* _WHAT TO WORK ON_
Please restate the records below word for word, leaving out every picture.

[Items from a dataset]

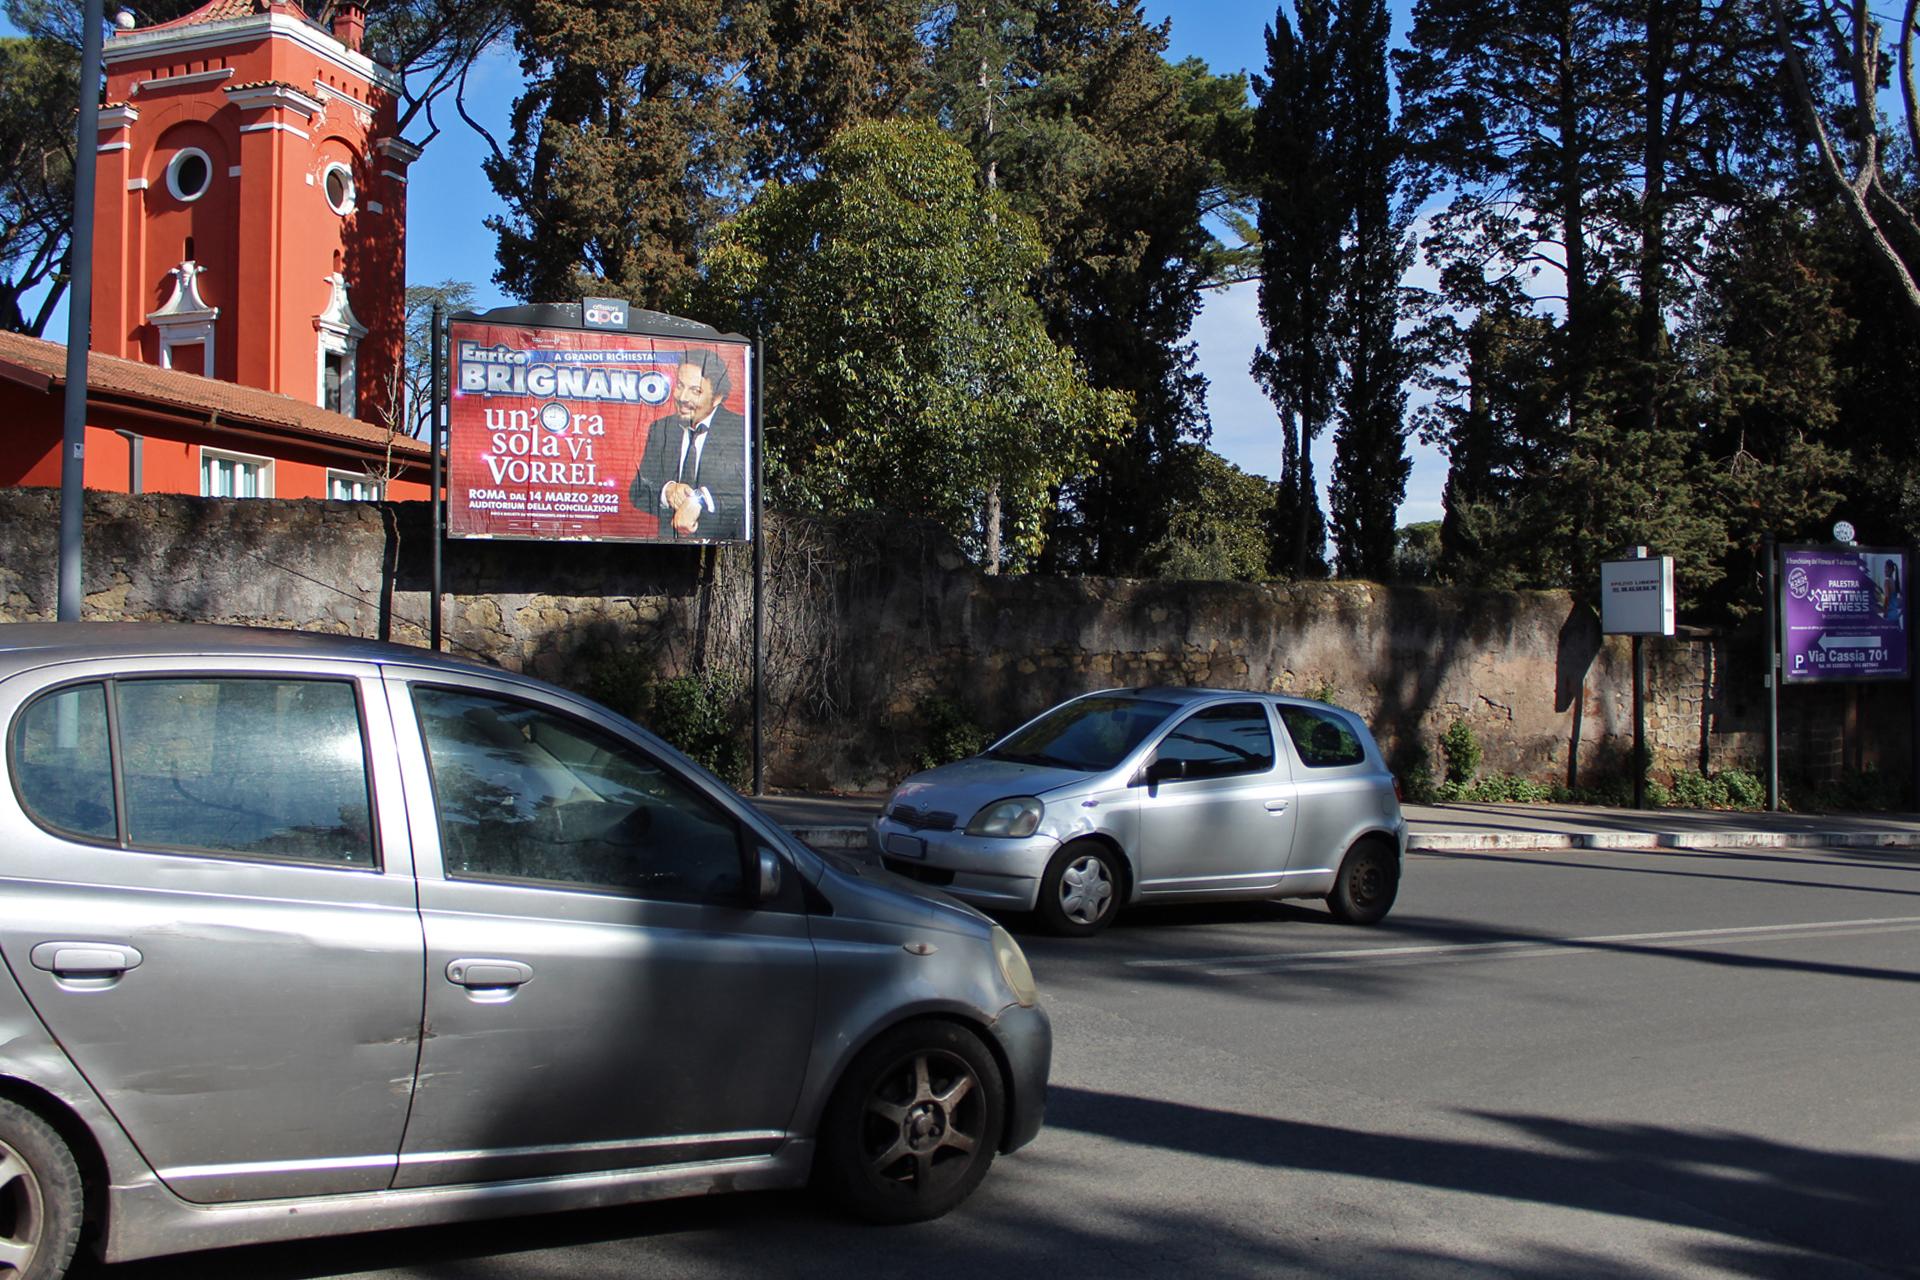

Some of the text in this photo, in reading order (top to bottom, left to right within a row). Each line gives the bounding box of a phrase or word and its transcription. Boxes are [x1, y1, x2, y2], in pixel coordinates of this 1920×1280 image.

[461, 342, 526, 364] Enrico
[554, 352, 562, 361] A
[564, 352, 603, 361] GRANDI
[461, 363, 668, 404] BRIGNANO
[491, 425, 560, 457] sola
[468, 489, 619, 504] ROMA DAL 14 MARZO 2022
[468, 501, 619, 513] AUDITORIUM DELLA CONCILIAZIONE
[1828, 580, 1860, 588] PALESTRA
[1821, 589, 1870, 602] ANYTIME
[1822, 602, 1870, 612] FITNESS
[1808, 649, 1888, 662] Via Cassia 701
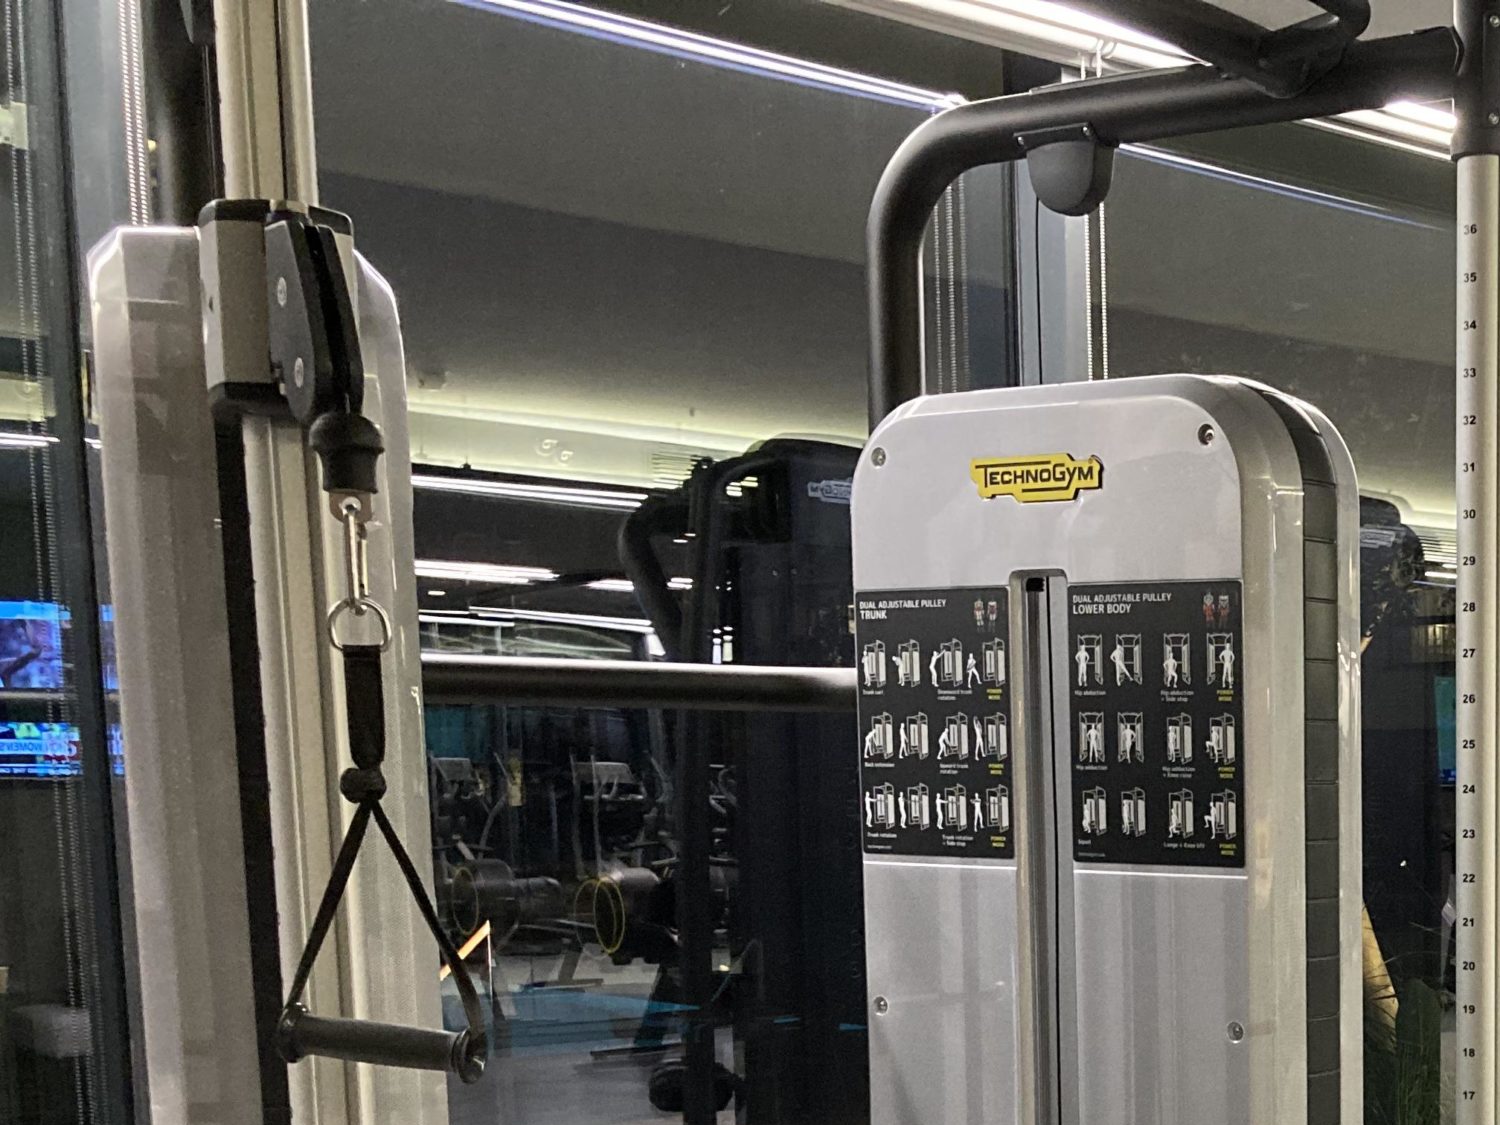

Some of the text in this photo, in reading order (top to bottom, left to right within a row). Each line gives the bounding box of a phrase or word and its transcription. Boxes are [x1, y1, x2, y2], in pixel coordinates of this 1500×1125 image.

[1464, 224, 1477, 235] 36
[1464, 272, 1477, 283] 35
[1464, 320, 1476, 331] 34
[1463, 368, 1476, 378] 33
[1463, 415, 1476, 425] 32
[1463, 462, 1475, 472] 31
[975, 460, 1093, 492] TECHNOGYM
[1463, 509, 1476, 519] 30
[1463, 556, 1476, 566] 29
[1072, 593, 1172, 604] DUAL ADJUSTABLE PULLEY
[860, 599, 947, 609] DUAL ADJUSTABLE PULLEY
[1072, 603, 1132, 615] LOWER BODY
[1462, 602, 1476, 612] 28
[860, 610, 887, 620] TRUNK
[1462, 648, 1476, 658] 27
[1463, 694, 1475, 704] 26
[1462, 739, 1475, 749] 25
[1462, 784, 1475, 794] 24
[1462, 829, 1475, 839] 23
[1462, 873, 1475, 883] 22
[1462, 917, 1474, 927] 21
[1463, 961, 1475, 971] 20
[1463, 1004, 1475, 1014] 19
[1463, 1048, 1475, 1057] 18
[1463, 1090, 1475, 1100] 17

* _EXERCISE RESULT_
Some of the text in this photo, in reading order (top to bottom, left to right within a row). Each line gives the bounding box of a phrase or word and its transcription. Boxes are [x1, y1, x2, y2], in pixel coordinates of this 1920×1280 image.

[461, 342, 526, 364] Enrico
[554, 352, 562, 361] A
[564, 352, 603, 361] GRANDI
[461, 363, 668, 404] BRIGNANO
[491, 425, 560, 457] sola
[468, 489, 619, 504] ROMA DAL 14 MARZO 2022
[468, 501, 619, 513] AUDITORIUM DELLA CONCILIAZIONE
[1828, 580, 1860, 588] PALESTRA
[1821, 589, 1870, 602] ANYTIME
[1822, 602, 1870, 612] FITNESS
[1808, 649, 1888, 662] Via Cassia 701

Some of the text in this photo, in reading order (top to bottom, left to right within a row). Each line gives the bounding box of a phrase or word and its transcription. Boxes are [x1, y1, x2, y2], in pixel coordinates of this 1500×1125 image.

[1464, 224, 1477, 235] 36
[1464, 272, 1477, 283] 35
[1464, 320, 1476, 331] 34
[1463, 368, 1476, 378] 33
[1463, 415, 1476, 425] 32
[1463, 462, 1475, 472] 31
[975, 460, 1093, 492] TECHNOGYM
[1463, 509, 1476, 519] 30
[1463, 556, 1476, 566] 29
[1072, 593, 1172, 604] DUAL ADJUSTABLE PULLEY
[860, 599, 947, 609] DUAL ADJUSTABLE PULLEY
[1072, 603, 1132, 615] LOWER BODY
[1462, 602, 1476, 612] 28
[860, 610, 887, 620] TRUNK
[1462, 648, 1476, 658] 27
[1463, 694, 1475, 704] 26
[1462, 739, 1475, 749] 25
[1462, 784, 1475, 794] 24
[1462, 829, 1475, 839] 23
[1462, 873, 1475, 883] 22
[1462, 917, 1474, 927] 21
[1463, 961, 1475, 971] 20
[1463, 1004, 1475, 1014] 19
[1463, 1048, 1475, 1057] 18
[1463, 1090, 1475, 1100] 17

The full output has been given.